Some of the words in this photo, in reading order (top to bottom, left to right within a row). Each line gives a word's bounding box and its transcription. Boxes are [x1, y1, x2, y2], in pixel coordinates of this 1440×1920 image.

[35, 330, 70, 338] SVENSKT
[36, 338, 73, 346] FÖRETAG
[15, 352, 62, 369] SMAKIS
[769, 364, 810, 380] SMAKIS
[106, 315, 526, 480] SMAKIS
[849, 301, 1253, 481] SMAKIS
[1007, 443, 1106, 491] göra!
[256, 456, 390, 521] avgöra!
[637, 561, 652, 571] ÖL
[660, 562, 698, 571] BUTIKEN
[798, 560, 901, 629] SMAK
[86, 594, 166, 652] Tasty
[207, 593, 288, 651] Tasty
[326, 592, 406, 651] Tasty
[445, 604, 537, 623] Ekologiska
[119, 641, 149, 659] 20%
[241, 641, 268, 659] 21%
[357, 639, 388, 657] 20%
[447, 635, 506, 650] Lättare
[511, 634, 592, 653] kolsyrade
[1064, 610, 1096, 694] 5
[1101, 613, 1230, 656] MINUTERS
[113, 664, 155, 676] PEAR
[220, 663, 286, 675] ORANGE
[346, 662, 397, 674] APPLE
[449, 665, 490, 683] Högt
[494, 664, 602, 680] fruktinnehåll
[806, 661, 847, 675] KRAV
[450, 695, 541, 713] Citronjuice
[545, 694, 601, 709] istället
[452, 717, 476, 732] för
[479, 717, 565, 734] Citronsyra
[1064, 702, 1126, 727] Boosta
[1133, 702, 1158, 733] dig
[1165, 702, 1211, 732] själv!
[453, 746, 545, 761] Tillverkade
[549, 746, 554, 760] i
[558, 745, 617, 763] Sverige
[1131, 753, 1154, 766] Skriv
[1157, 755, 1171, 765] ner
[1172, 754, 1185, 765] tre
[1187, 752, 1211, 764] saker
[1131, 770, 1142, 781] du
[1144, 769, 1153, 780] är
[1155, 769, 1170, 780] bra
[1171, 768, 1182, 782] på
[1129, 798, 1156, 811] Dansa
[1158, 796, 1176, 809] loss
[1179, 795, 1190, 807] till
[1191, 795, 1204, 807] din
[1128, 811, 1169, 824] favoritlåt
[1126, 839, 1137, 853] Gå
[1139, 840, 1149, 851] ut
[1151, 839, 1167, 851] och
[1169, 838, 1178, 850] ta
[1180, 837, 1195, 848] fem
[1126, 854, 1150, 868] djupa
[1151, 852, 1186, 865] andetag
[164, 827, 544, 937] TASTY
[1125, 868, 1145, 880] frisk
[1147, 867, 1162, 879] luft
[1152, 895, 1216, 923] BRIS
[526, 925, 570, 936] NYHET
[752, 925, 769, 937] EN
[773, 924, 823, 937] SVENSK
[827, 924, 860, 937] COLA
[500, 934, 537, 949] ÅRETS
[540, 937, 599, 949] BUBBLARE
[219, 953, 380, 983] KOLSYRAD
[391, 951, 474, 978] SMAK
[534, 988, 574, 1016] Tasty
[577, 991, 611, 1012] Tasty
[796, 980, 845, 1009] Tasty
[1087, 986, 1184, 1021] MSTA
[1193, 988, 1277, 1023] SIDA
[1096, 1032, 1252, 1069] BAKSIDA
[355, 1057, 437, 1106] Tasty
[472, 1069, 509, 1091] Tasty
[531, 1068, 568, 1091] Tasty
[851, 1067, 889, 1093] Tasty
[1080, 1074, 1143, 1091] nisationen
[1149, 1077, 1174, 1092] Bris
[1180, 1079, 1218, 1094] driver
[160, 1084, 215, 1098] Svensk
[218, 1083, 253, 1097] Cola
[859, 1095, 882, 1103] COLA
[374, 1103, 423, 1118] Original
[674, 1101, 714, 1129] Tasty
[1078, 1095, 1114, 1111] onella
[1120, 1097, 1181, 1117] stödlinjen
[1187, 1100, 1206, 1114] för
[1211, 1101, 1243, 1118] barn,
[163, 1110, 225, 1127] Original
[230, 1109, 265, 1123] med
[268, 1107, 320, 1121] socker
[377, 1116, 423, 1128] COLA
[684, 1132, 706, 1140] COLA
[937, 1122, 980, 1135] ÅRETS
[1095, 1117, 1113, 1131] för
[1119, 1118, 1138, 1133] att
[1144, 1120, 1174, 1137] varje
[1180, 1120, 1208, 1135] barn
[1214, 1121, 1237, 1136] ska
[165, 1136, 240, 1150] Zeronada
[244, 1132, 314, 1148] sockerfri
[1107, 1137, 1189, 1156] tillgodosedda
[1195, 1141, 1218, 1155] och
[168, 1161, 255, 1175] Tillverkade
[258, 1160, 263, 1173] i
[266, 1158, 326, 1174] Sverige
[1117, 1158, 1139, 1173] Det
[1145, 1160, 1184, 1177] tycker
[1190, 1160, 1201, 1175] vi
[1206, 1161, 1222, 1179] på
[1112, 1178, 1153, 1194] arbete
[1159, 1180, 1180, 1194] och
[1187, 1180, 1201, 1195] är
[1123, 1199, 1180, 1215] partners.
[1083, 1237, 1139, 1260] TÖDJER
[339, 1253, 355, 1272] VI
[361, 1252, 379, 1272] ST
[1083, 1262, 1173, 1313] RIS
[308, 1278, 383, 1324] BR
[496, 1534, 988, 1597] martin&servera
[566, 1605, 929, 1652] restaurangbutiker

##############################

Based on the records above, how many lines hold the string "ÅRETS"? Answer with the number by itself.

2